Activity → Every record is to be printed exactly as written; pictures are to be omitted.

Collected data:
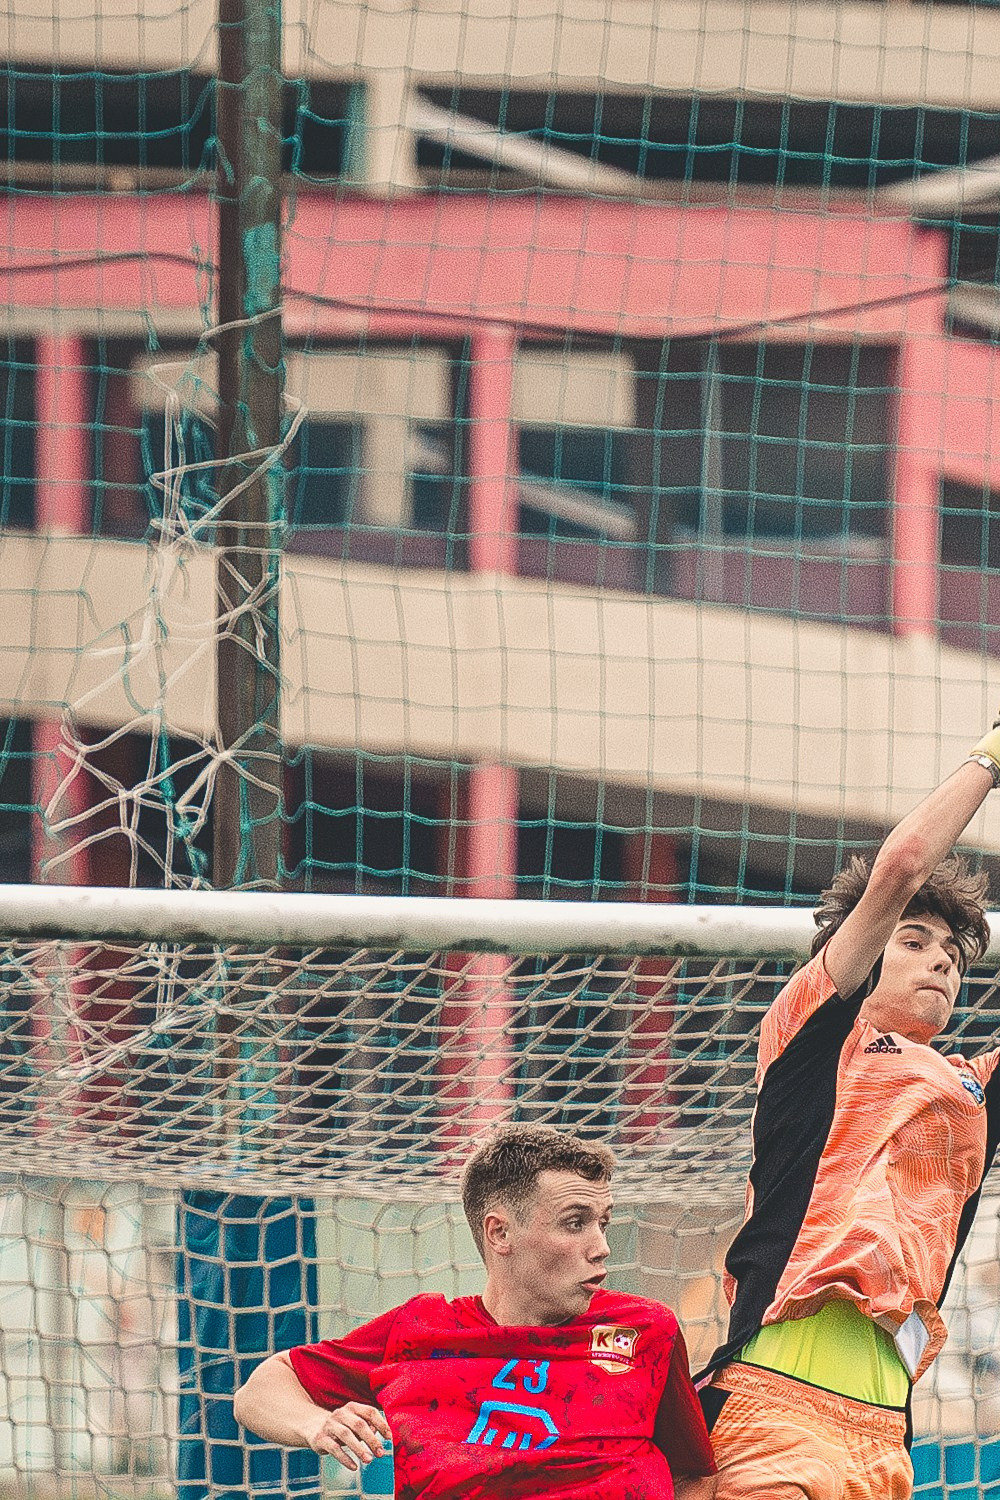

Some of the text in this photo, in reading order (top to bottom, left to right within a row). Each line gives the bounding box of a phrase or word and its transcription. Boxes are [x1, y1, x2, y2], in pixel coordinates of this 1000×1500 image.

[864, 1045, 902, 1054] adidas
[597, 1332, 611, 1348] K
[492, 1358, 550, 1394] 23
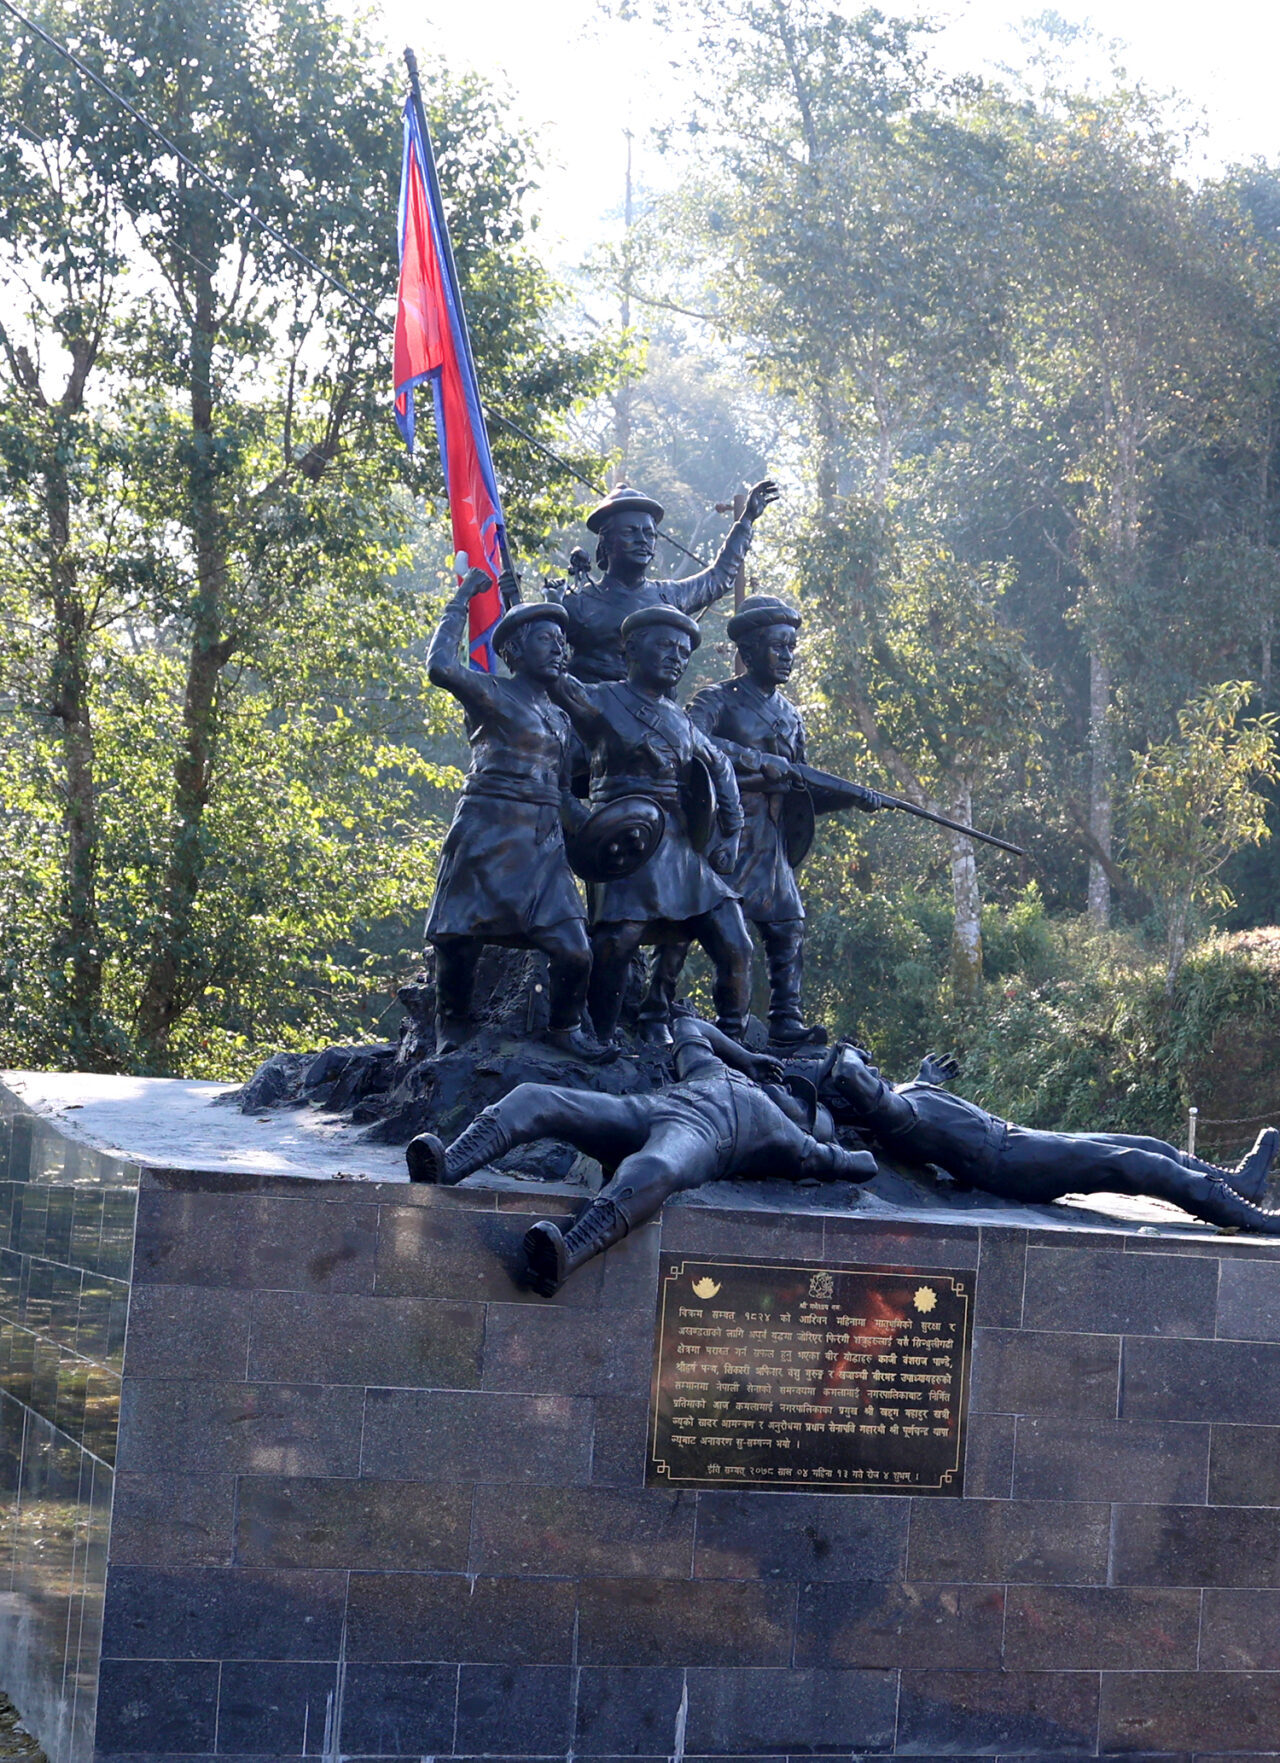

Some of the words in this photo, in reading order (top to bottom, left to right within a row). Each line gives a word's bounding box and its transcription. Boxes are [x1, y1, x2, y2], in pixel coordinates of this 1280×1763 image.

Result of this exercise →
Some of the text in this photo, in reading order (top to bottom, left to right within a row). Each line gives the bounding box of a phrase or word and its transcription. Boxes are [x1, y1, x2, y2], in pixel coordinates of this 1000×1500 image.

[864, 1045, 902, 1054] adidas
[597, 1332, 611, 1348] K
[492, 1358, 550, 1394] 23

Some of the words in this photo, in reading order (top to bottom, left to right within a row). Each line gives a word's bounding box and its transcription. Boxes are [x1, y1, x2, y2], in pixel coordinates of this 1280×1763 image.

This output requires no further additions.